> What is required:
Reproduce the entries that follow precisely, setting aside any images.

[Image-backed grounding data]

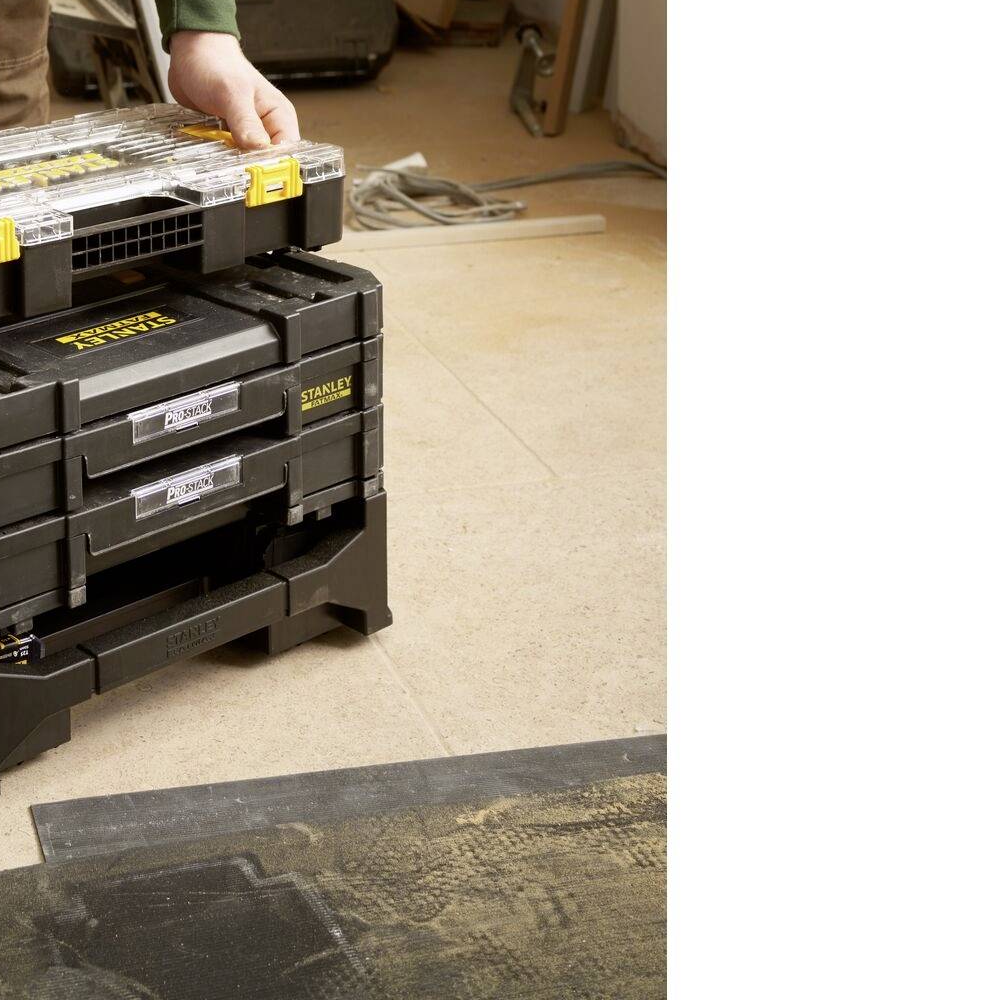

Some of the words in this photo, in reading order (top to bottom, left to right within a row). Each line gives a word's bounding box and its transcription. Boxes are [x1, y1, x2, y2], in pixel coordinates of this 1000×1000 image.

[72, 316, 176, 350] STANLEY
[301, 376, 352, 402] STANLEY
[167, 473, 214, 501] PRO-STACK
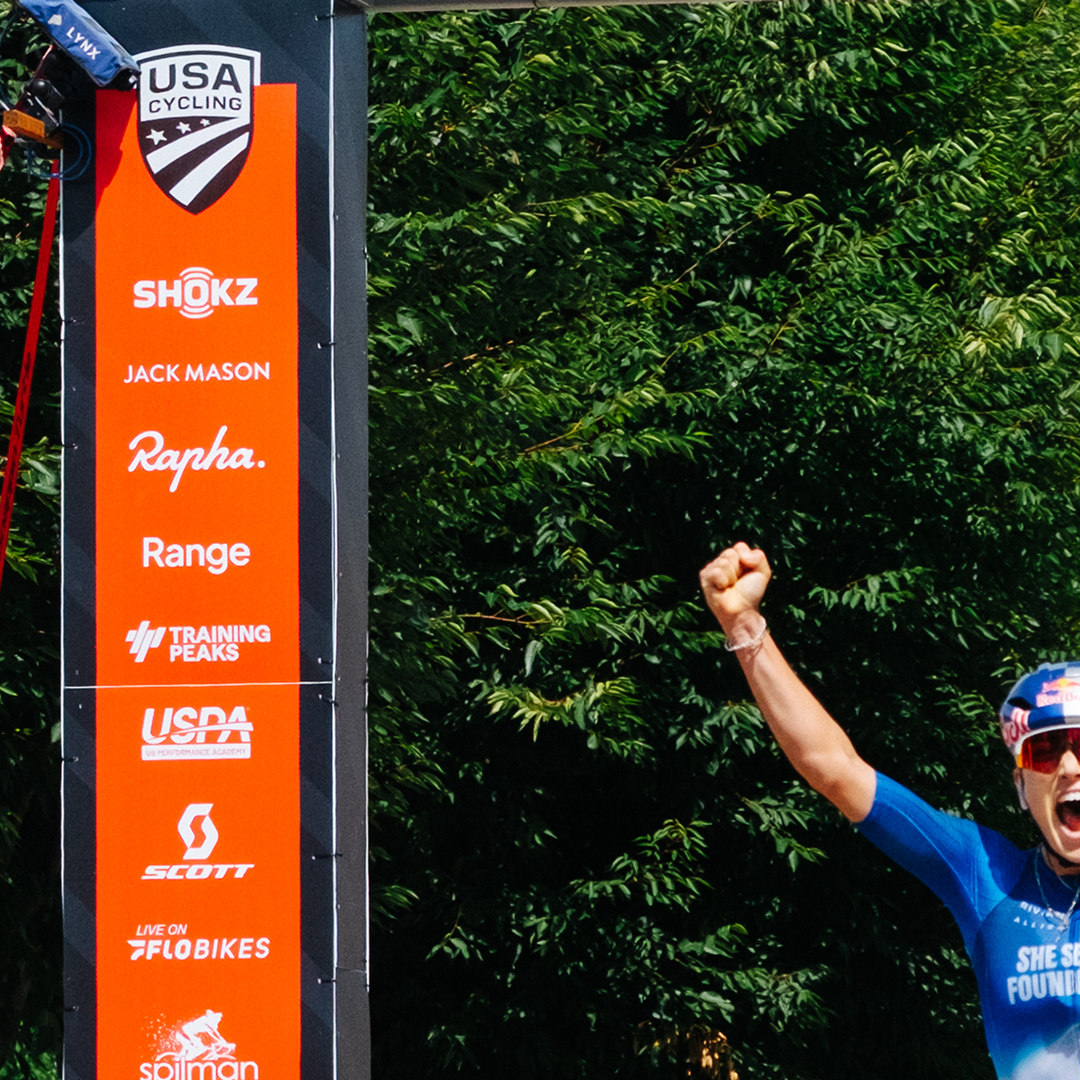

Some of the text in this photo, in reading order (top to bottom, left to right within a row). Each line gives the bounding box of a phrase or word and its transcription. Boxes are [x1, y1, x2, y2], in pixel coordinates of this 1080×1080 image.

> Answer for this exercise:
Some of the words in this photo, in reading order (top to bottom, left to right within a row). Each line gives a word's bounding box and its transcription. Boxes are [x1, y1, x2, y2], in pixel coordinates of this 1000×1000 image.

[72, 316, 176, 350] STANLEY
[301, 376, 352, 402] STANLEY
[167, 473, 214, 501] PRO-STACK

Some of the text in this photo, in reading order (top to bottom, left to right within a row). Each line gives the bounding box of a phrase or word and its transcription. Boxes are [x1, y1, x2, y2], in pixel coordinates of this 1080×1080 image.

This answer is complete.